On June 23, 1995, Joseph R. Pagano, Esq., Counsel to the Funds, forwarded to this Arbitrator a request for a hearing, pursuant to Article 12.4(A)(7) to determine if individual ironworkers were liable for the hourly contributions to the Funds when, as alleged by the funds, Rise compensated the individual workers directly but did not withhold nor pay contributions contractually due the funds.

* * * * * * The Funds relied on an audit of the payroll records and certain books of Rise. In addition, Mr. Stern testified that, after his review of the payroll records, he prepared individualized itemized accountings of the date of payments (by payroll or other company check), under reported hours of work, amounts of cash (check) payments (in lieu of monies to be paid to the Funds) and total amounts alleged due from each individual.

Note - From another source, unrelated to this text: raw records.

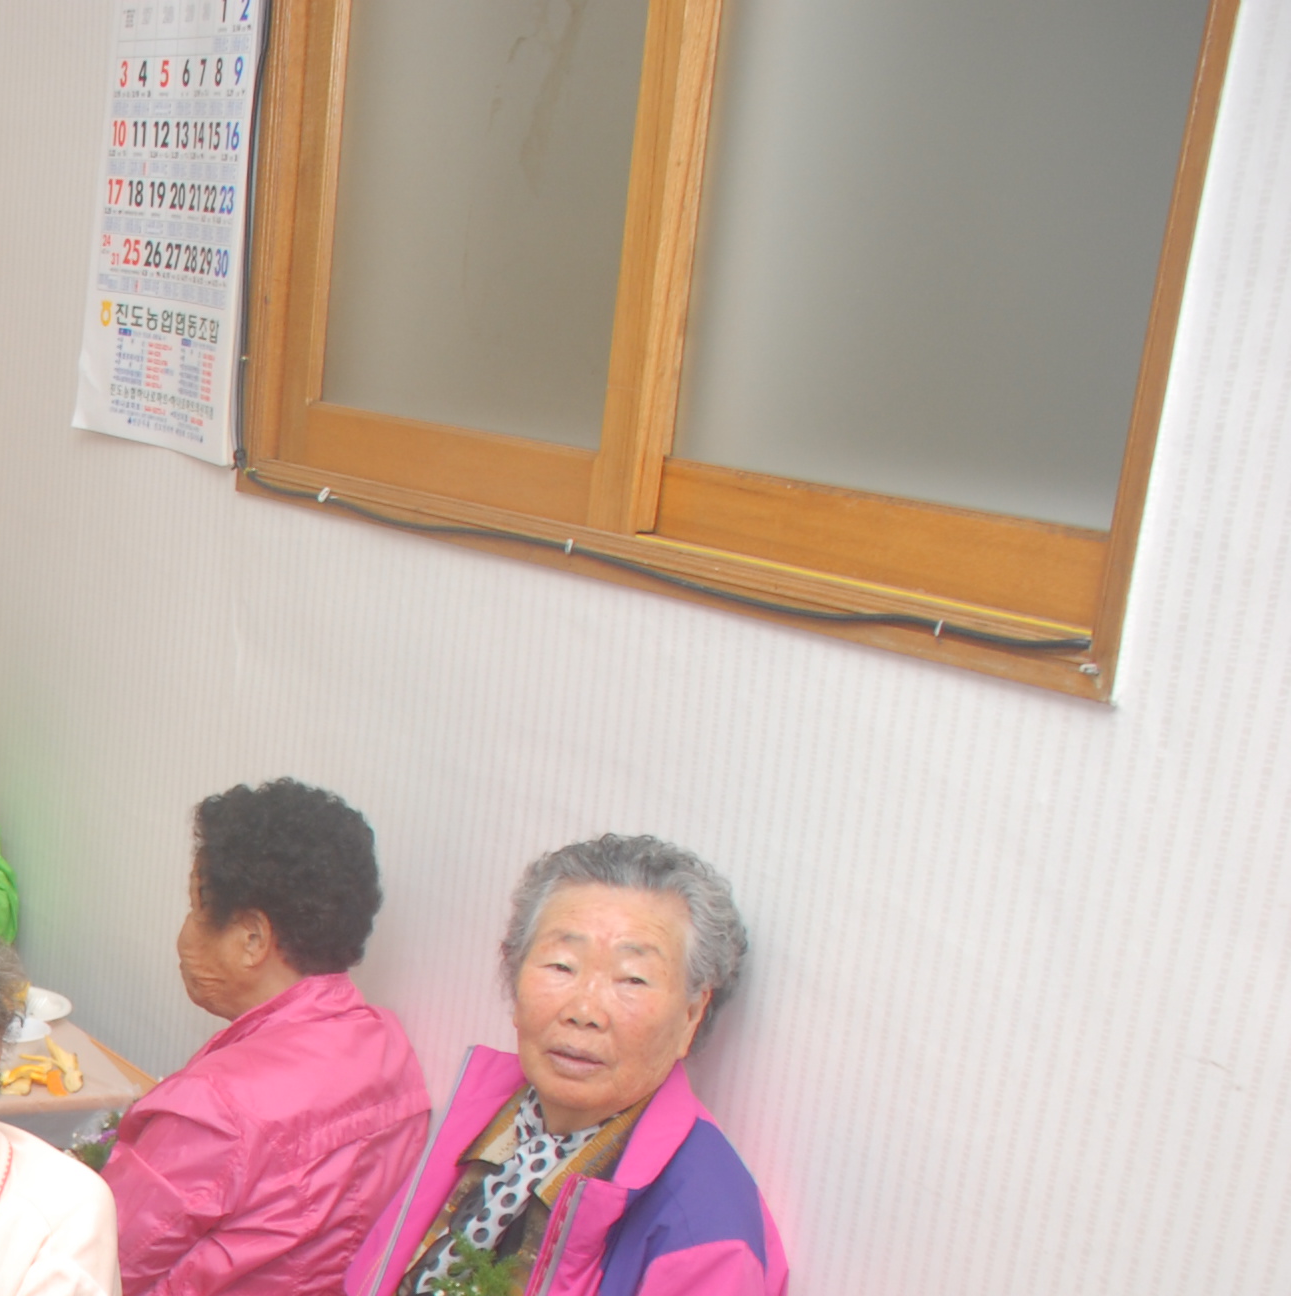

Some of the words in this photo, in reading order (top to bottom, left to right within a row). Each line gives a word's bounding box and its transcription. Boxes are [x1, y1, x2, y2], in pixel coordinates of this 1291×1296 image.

[239, 0, 251, 21] 2
[120, 60, 128, 87] 3
[138, 60, 147, 87] 4
[160, 60, 170, 87] 5
[182, 59, 190, 87] 6
[199, 58, 207, 86] 7
[214, 57, 223, 86] 8
[234, 56, 244, 85] 9
[113, 120, 127, 147] 10
[133, 121, 147, 147] 11
[154, 121, 170, 148] 12
[175, 121, 189, 149] 13
[193, 121, 205, 149] 14
[209, 121, 221, 150] 15
[226, 121, 240, 150] 16
[108, 178, 124, 205] 17
[128, 180, 144, 207] 18
[149, 181, 166, 208] 19
[169, 182, 186, 210] 20
[188, 183, 201, 212] 21
[203, 184, 217, 213] 22
[219, 185, 235, 215] 23
[102, 234, 111, 247] 24
[123, 238, 140, 266] 25
[144, 240, 162, 268] 26
[165, 242, 182, 270] 27
[184, 245, 198, 273] 28
[199, 247, 213, 275] 29
[214, 249, 229, 278] 30
[116, 303, 219, 344] 진도농업협동조합

In a footnote to the award, the arbitrator stated:

[I] did not find the Individual Ironworkers incredible in their testimony or denials of wrongdoing. They believed their acceptance of money, in the form received from Rise, did not violate the Agreement nor deprive the Funds of contributions due and owing. Moreover, they did not believe that their actions were wrong. The repeated defense of the Individual Ironworkers was that they "did not receive stamp money (fringe benefit contributions) for the hours worked as an Ironworker ... or performing Ironworker duties."

In ruling on appellants' motion against Rise Steel, the judge in the action in Essex County entered judgment against the six after he concluded that the two arbitration claims "are separate and distinct causes of action." The judge found the entire controversy doctrine to be inapplicable. He also refused to consolidate and transfer the case to Middlesex County after inexplicably concluding that the two cases did not "involve common questions of law or fact arising out of the same transaction or series of transactions as contemplated by R. 4:38-1."

N.J.S.A. 2A:24-8 states that a court shall vacate an award in the following cases:

a. Where the award was procured by corruption, fraud or undue means;

b. Where there was either evident partiality or corruption in the arbitrators, or any thereof;

c. Where the arbitrators were guilty of misconduct in refusing to postpone the...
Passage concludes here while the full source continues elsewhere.